** MATERIAL TO PROCESS follows **
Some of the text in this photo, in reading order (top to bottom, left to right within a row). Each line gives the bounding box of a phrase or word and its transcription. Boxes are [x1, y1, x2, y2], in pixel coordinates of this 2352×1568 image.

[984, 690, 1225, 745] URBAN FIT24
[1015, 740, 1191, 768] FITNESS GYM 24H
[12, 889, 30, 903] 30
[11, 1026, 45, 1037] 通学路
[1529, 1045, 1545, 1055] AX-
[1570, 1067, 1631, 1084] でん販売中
** End of MATERIAL TO PROCESS **
### BRIEF
All of the material must be written out again exactly.

### WORKED SOLUTION
Some of the text in this photo, in reading order (top to bottom, left to right within a row). Each line gives the bounding box of a phrase or word and its transcription. Boxes are [x1, y1, x2, y2], in pixel coordinates of this 2352×1568 image.

[984, 690, 1225, 745] URBAN FIT24
[1015, 740, 1191, 768] FITNESS GYM 24H
[12, 889, 30, 903] 30
[11, 1026, 45, 1037] 通学路
[1529, 1045, 1545, 1055] AX-
[1570, 1067, 1631, 1084] でん販売中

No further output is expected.